Siempre me han gustado grandes, los pechos de una mujer, aunque tampoco me importa si son pequeños. Me adapto, sin excepción. Fue un pichi, difícil de quitar, testigo de mi primera vez, pasada la mayoría de edad. Para algunos será tarde, para mí fue perfecto. Lo había imaginado millones de veces, pero nada salió como lo había planeado. Torpe e insolente, me afané en tratar de hacer bien, algo que nunca había hecho. Y creo que no salió del todo mal, porque repetimos una y otra vez a partir de ahí, cómo si ya no hubiera otras cosas que hacer. Y la práctica, lleva adherida el aprendizaje y la mejora. Porque en ese terreno, como en otros, siempre hay que aprender, no estancarse, curiosear y desarrollar todo lo que se ve.

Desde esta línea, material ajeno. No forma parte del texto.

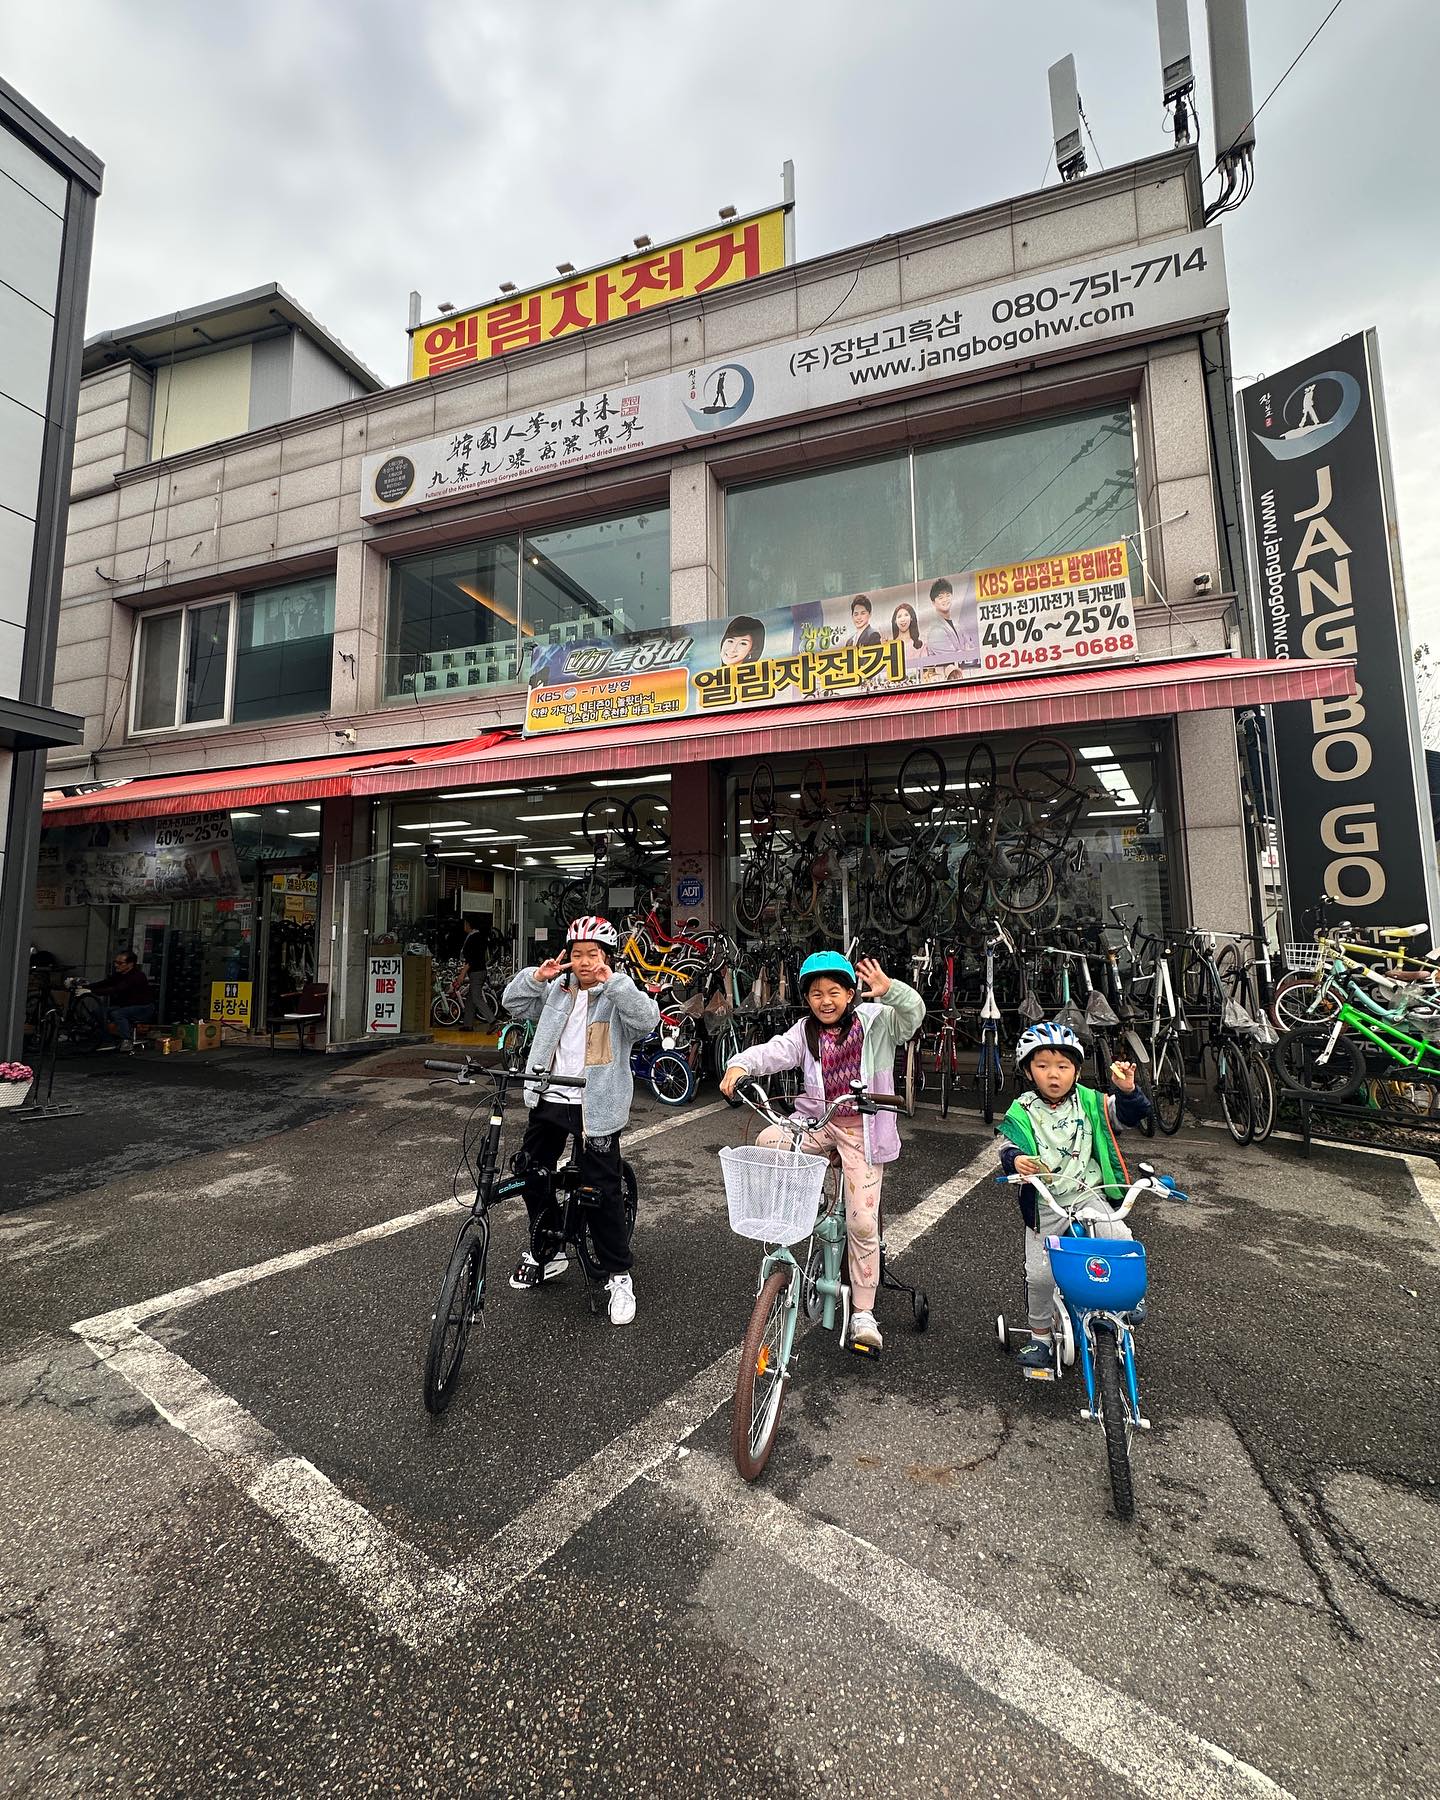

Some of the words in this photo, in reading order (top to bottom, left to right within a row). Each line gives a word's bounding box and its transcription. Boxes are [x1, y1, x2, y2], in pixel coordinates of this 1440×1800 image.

No es cuestión sólo de sexo. Ver, oír, tocar, oler y sentir, forman parte de un ritual, que nos atrae y nos trae de cabeza constantemente. Unos por poco y los otros por exceso. Porque deseamos lo que no tenemos, por mucho que tengamos, ese es el maldito morbo que nos ciega tanto como nos gusta. Y aquí la imaginación, toma el mando. Pero necesito todos los estímulos. Un beso, que no mordisco, en los labios. Humedecer tu boca con la mía, sintiendo como nuestras lenguas invaden terreno contrario, encontrándose en un punto intermedio, para probar el sabor del otro. Adoro acariciar, saber que erizo tu piel con las yemas de mis dedos, y que un pequeño calambre nace entre tus piernas. Necesito el contacto con tu cuerpo, escuchar el invisible suspiro que se torna gemido, conforme avanzo hacia tu tesoro. Necesito saber que lo deseas tanto como yo, porque si no es así, nada de esto habrá valido la pena.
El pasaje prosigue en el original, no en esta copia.